The holders of our Series A Preferred units, first issued in March 2016, are entitled to certain rights that are senior to the rights of holders of common and Class C units, such as rights to distributions and rights upon liquidation of the Partnership. No payment or distribution on any junior equity security of the Partnership, including common and Class C units, for any quarter is permitted prior to the payment in full of the Series A Preferred unit distribution (including any outstanding arrearages). These preferences could adversely affect the market price for our common units, or could make it more difficult for us to issue and sell common units in the future.
In addition, distributions on the Series A Preferred units accrue and are cumulative, at a quarterly rate of $0.68 per unit, and the Series A Preferred units are convertible into common units by the holders or by us in certain circumstances. Our obligation to pay distributions on the Series A Preferred units, or on the common units issued following the conversion of the Series A Preferred units, could impact our liquidity and reduce the amount of cash flow available for working capital, capital expenditures, growth opportunities, acquisitions and other general partnership purposes. Our obligations to the holders of Series A Preferred units could also limit our ability to obtain additional financing or increase our borrowing costs, which could have an adverse effect on our financial condition.

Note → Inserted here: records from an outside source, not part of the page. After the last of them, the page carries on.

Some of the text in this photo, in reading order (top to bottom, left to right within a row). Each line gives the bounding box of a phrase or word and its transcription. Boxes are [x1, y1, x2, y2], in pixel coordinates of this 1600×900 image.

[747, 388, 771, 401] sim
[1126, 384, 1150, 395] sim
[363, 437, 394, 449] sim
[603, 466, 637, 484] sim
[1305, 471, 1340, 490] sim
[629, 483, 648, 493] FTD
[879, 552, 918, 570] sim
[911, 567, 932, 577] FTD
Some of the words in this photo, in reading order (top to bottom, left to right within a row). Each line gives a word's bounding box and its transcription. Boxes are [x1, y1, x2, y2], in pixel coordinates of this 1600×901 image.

In addition, the holders of our Series A Preferred units may convert the Series A Preferred units into common units on a one-for-one basis at any time after the second anniversary of the issuance date, in whole or in part, subject to certain conversion thresholds. Similarly, the Partnership may convert the Series A Preferred units at any time after the third anniversary of the issuance date, in whole or in part, subject to certain conversion thresholds. If a substantial portion of the Series A Preferred units are converted into common units, common unitholders could experience significant dilution. Further, if holders of converted Series A Preferred units dispose of a substantial portion of such common units in the public market, whether in a single transaction or series of transactions, it could adversely affect the market price for our common units. These sales, or the possibility that these sales may occur, could make it more difficult for us to sell our common units in the future.

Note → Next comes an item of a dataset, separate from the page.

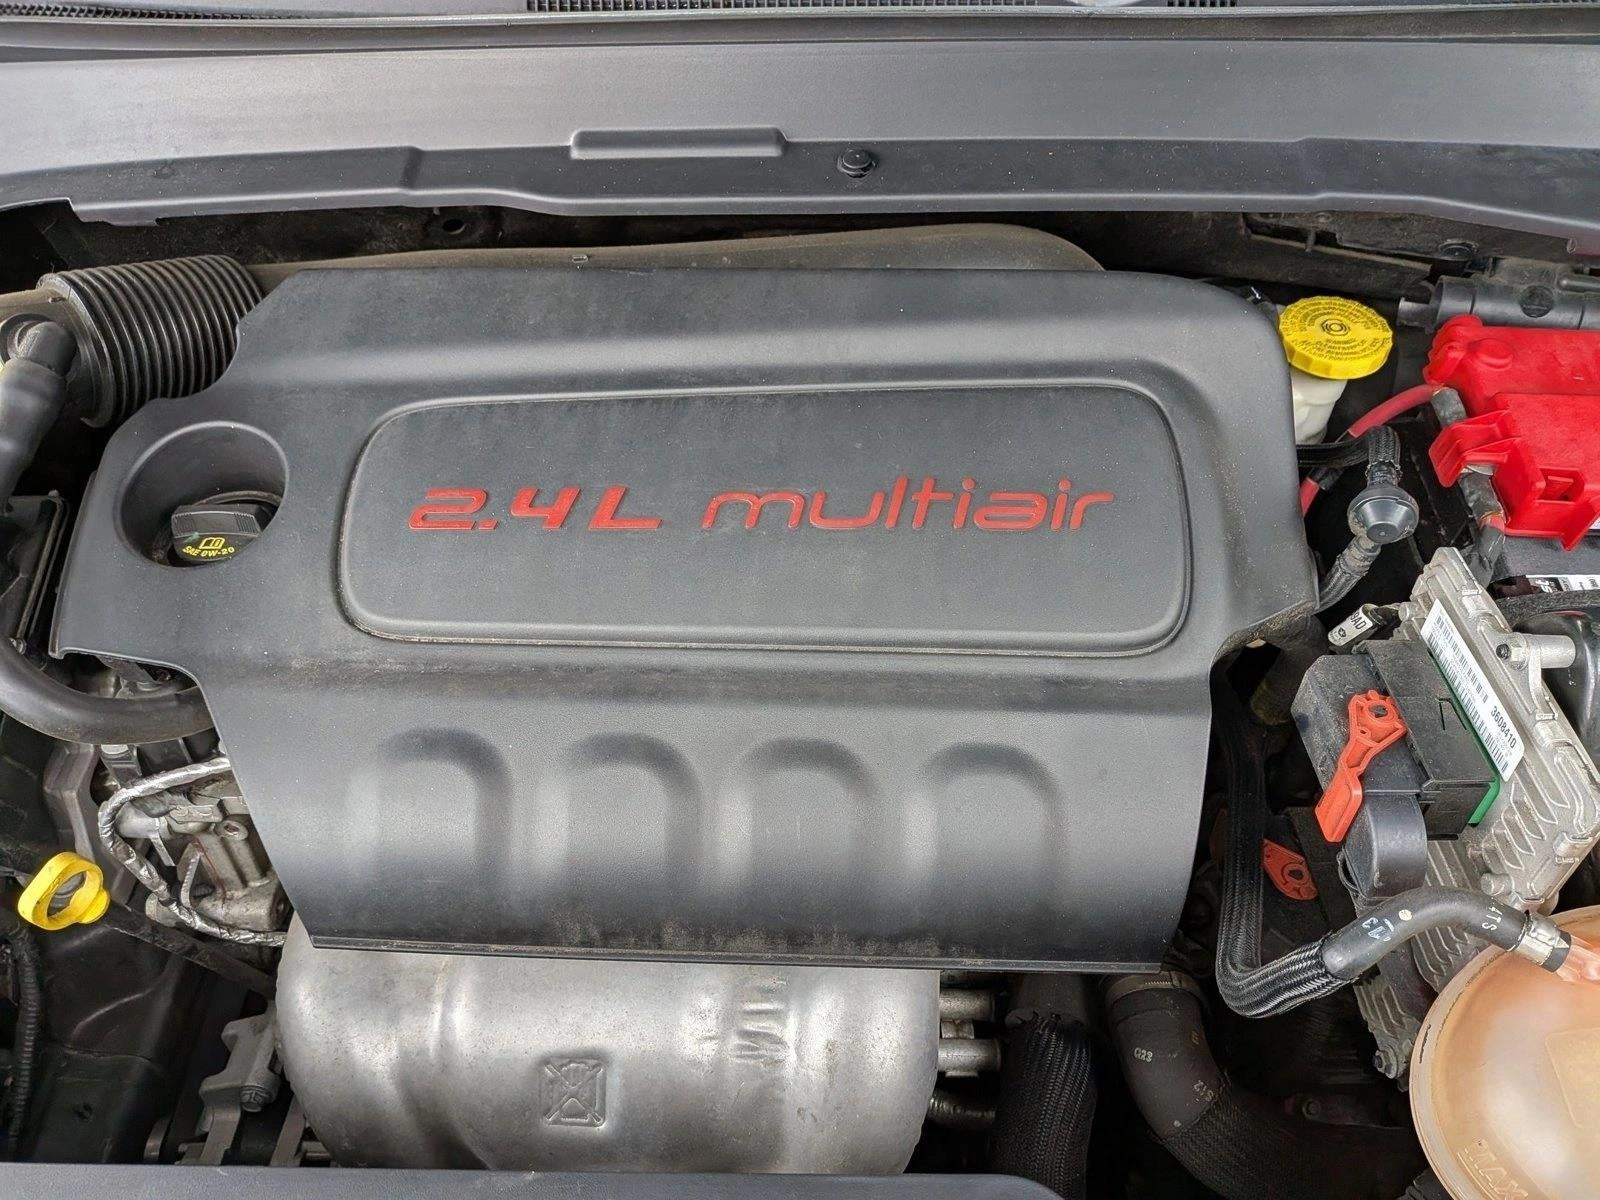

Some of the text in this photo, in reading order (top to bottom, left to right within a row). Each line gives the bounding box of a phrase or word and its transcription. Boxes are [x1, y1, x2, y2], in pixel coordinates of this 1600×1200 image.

[408, 476, 1114, 531] 2.4L multiair
[182, 545, 235, 557] SAE 0W-20
[1490, 705, 1517, 750] 3608410

Proposed rule changes regarding gas pipeline safety could impose more stringent standards on our gas pipelines and gathering lines that, if adopted, may result in increased significant capital costs and costs of operation.

On March 17, 2016, the federal Pipeline and Hazardous Materials Safety Administration (“PHMSA”) announced a proposed rulemaking that would, if adopted, impose more stringent requirements for certain gas lines and gathering lines under varying circumstances. Among other things, the proposed rulemaking would extend certain of PHMSA’s current regulatory safety programs for gas pipelines beyond “high consequence areas” to newly defined “moderate consequence areas” that contain as few as 5 dwellings within the potential impact area; require gas pipelines installed before 1970 and thus “grandfathered,” or excluded, from certain pressure testing obligations to be tested to determine their maximum allowable operating pressures (“MAOP”); and require gathering lines in Class I areas, both onshore and offshore, to comply with standards regarding damage prevention, corrosion control (for metallic pipe), public education, MAOP limits, line markers and emergency planning if such gathering lines’ nominal design is 8 inches or more. In order to provide clarity and greater certainty on what may constitute a “gathering line,” PHMSA is proposing a new definition of that term under the rulemaking, which term would now encompass “a pipeline, or a connected series of pipelines, and equipment used to collect gas from the endpoint of a production facility/operation and transport it to the furthermost point downstream of the following endpoints” including the “inlet of 1st gas processing plant;” the “outlet of” a gas treatment facility (not associated with a processing plant or compressor station); the “[o]utlet of the furthermost downstream compressor” leading to a pipeline; or the “point where separate production fields are commingled.” Other new requirements proposed by PHMSA under the rulemaking would require pipeline operators to: report to PHMSA in the event of certain MAOP exceedances; strengthen PHMSA integrity management requirements; consider seismicity in evaluating threats to a pipeline; conduct hydrostatic testing for all pipeline segments manufactured using longitudinal seam welds; and use more detailed guidance from PHMSA in the selection of assessment methods to inspect pipelines. Adoption of some or all of these standards under the proposed rulemaking could cause us to incur increased capital costs and costs of operation, which costs could be significant.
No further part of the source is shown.